# [Task instructions]
Write out the entries verbatim and leave the images out of the copy.

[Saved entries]
----
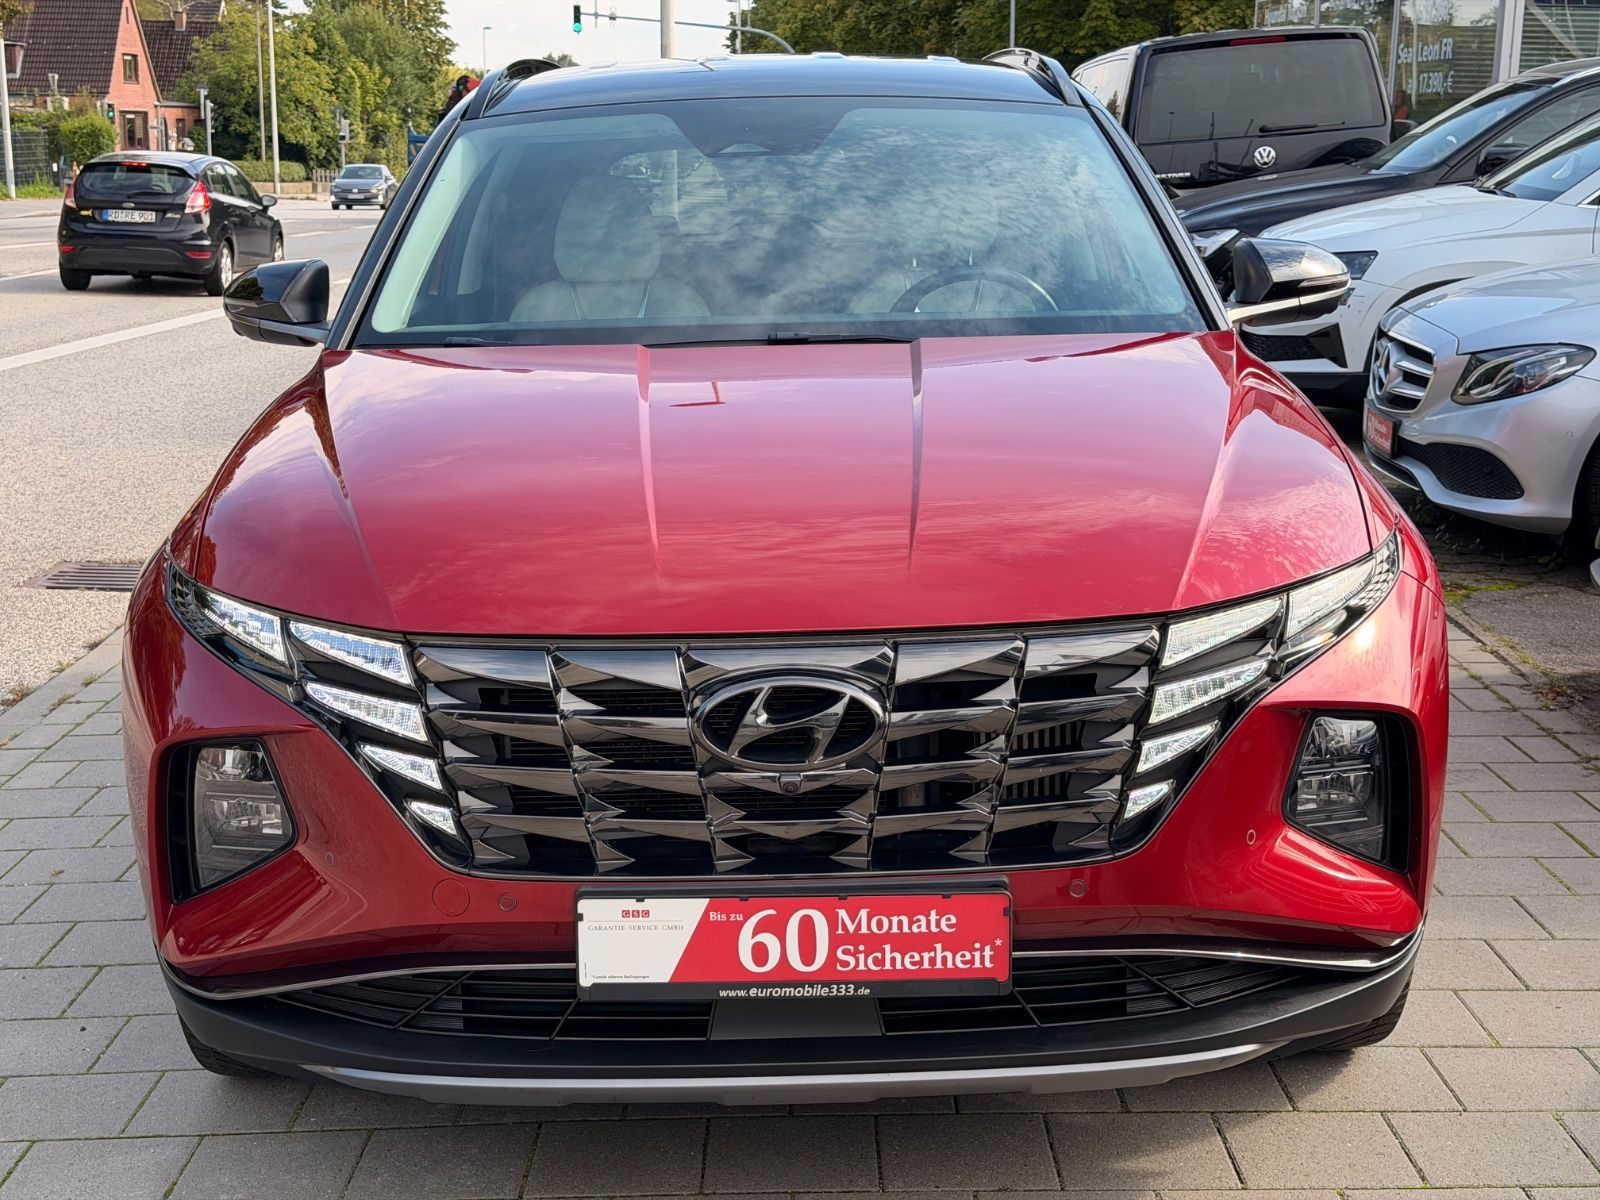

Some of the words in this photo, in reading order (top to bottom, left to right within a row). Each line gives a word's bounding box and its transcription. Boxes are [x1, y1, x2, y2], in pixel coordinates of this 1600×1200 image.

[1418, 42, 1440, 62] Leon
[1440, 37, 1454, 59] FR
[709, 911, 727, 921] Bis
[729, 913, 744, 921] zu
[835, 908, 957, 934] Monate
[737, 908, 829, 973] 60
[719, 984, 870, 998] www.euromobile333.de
----
# [Task response]
Some of the words in this photo, in reading order (top to bottom, left to right within a row). Each line gives a word's bounding box and its transcription. Boxes are [x1, y1, x2, y2], in pixel coordinates of this 1600×1200 image.

[1418, 42, 1440, 62] Leon
[1440, 37, 1454, 59] FR
[709, 911, 727, 921] Bis
[729, 913, 744, 921] zu
[835, 908, 957, 934] Monate
[737, 908, 829, 973] 60
[719, 984, 870, 998] www.euromobile333.de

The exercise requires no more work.